Start of Supplied data
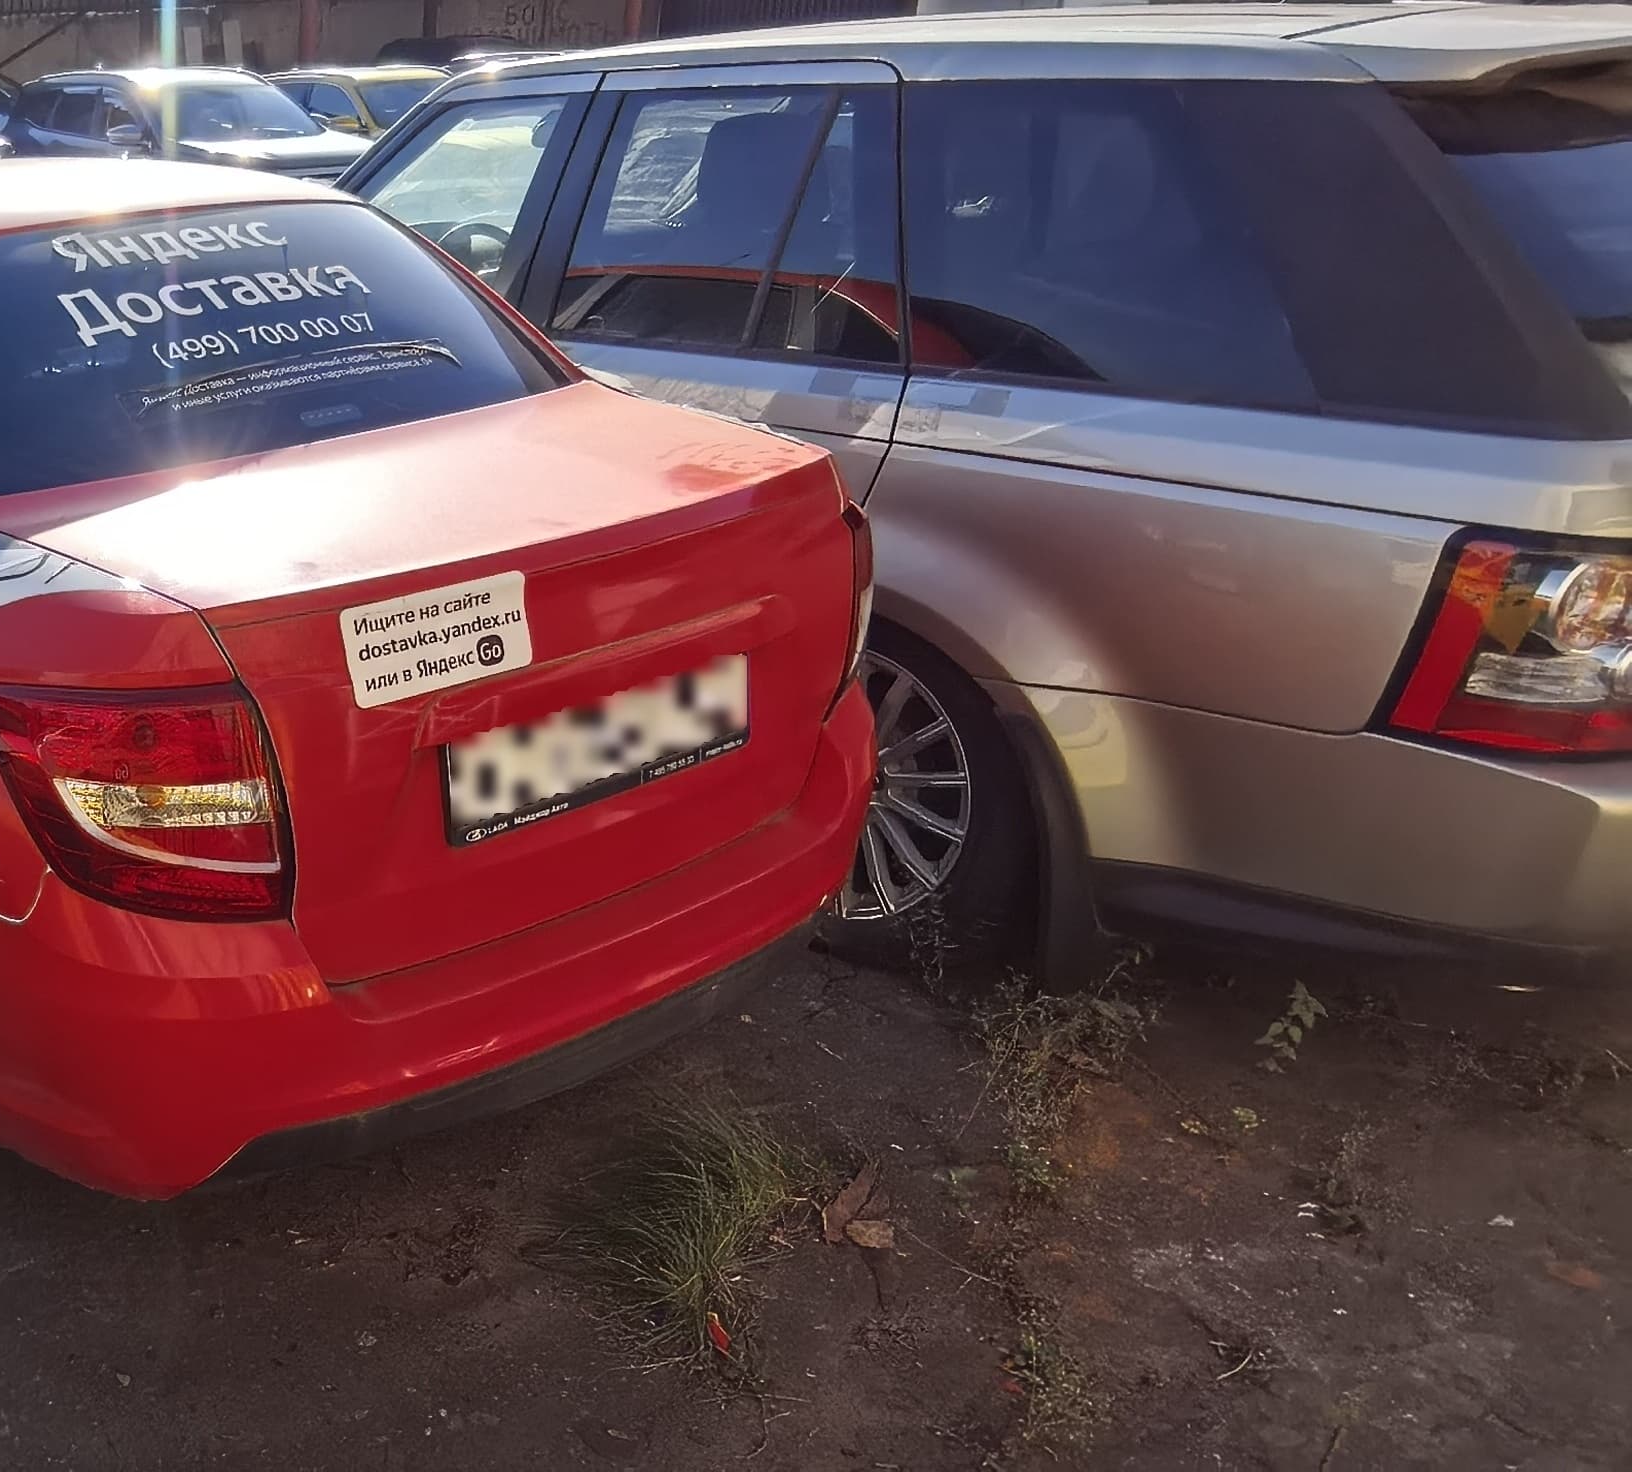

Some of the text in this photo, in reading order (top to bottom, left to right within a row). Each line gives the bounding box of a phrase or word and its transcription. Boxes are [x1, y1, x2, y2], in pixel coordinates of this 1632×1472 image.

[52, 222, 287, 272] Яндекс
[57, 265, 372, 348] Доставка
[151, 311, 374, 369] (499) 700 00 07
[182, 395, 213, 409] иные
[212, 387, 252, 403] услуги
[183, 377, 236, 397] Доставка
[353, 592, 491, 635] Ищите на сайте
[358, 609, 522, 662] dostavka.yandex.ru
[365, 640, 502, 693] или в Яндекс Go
End of Supplied data
Problem details:
Line by line, write out the material above exactly, with no images.

Response to the exercise:
Some of the text in this photo, in reading order (top to bottom, left to right within a row). Each line gives the bounding box of a phrase or word and its transcription. Boxes are [x1, y1, x2, y2], in pixel coordinates of this 1632×1472 image.

[52, 222, 287, 272] Яндекс
[57, 265, 372, 348] Доставка
[151, 311, 374, 369] (499) 700 00 07
[182, 395, 213, 409] иные
[212, 387, 252, 403] услуги
[183, 377, 236, 397] Доставка
[353, 592, 491, 635] Ищите на сайте
[358, 609, 522, 662] dostavka.yandex.ru
[365, 640, 502, 693] или в Яндекс Go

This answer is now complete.